(Saved data entries)
==================================================

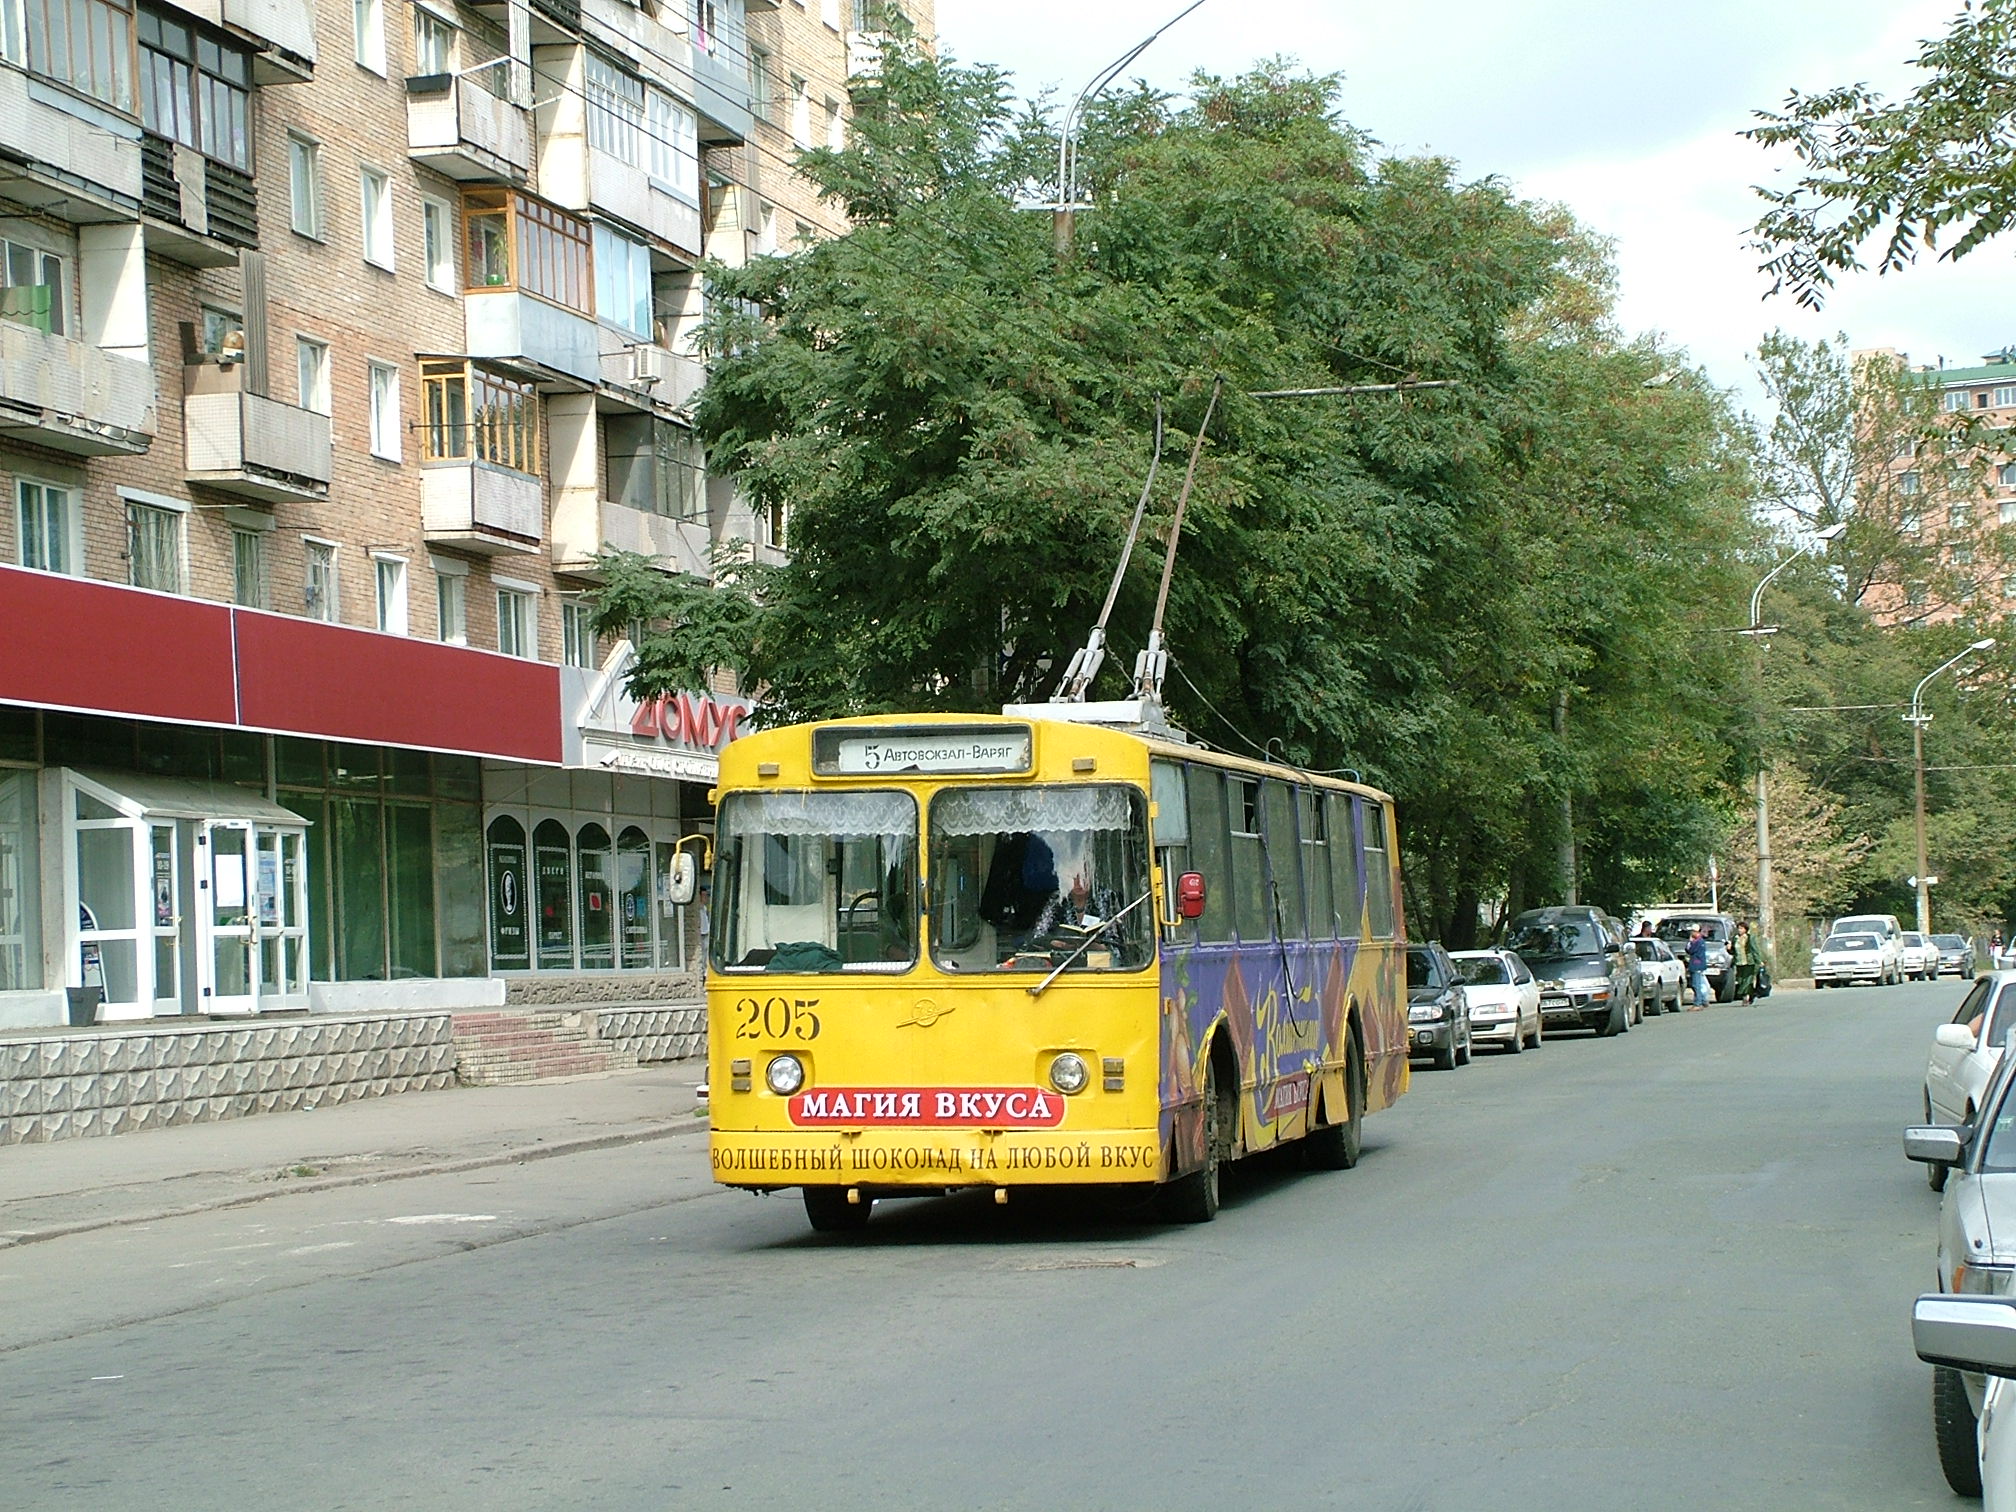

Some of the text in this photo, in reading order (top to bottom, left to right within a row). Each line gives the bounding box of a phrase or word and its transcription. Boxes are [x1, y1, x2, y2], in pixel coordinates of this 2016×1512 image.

[864, 744, 881, 770] 5
[736, 996, 821, 1041] 205
[800, 1092, 1053, 1118] МАГИЯ ВКУСА
[712, 1142, 1154, 1174] ВОЛШЕБНЫЙ ШОКОЛАД НА ЛЮБОЙ ВКУС

==================================================

Task goal: Would you retype every record above exactly, leaving out the pictures?

Problem solution:
Some of the text in this photo, in reading order (top to bottom, left to right within a row). Each line gives the bounding box of a phrase or word and its transcription. Boxes are [x1, y1, x2, y2], in pixel coordinates of this 2016×1512 image.

[864, 744, 881, 770] 5
[736, 996, 821, 1041] 205
[800, 1092, 1053, 1118] МАГИЯ ВКУСА
[712, 1142, 1154, 1174] ВОЛШЕБНЫЙ ШОКОЛАД НА ЛЮБОЙ ВКУС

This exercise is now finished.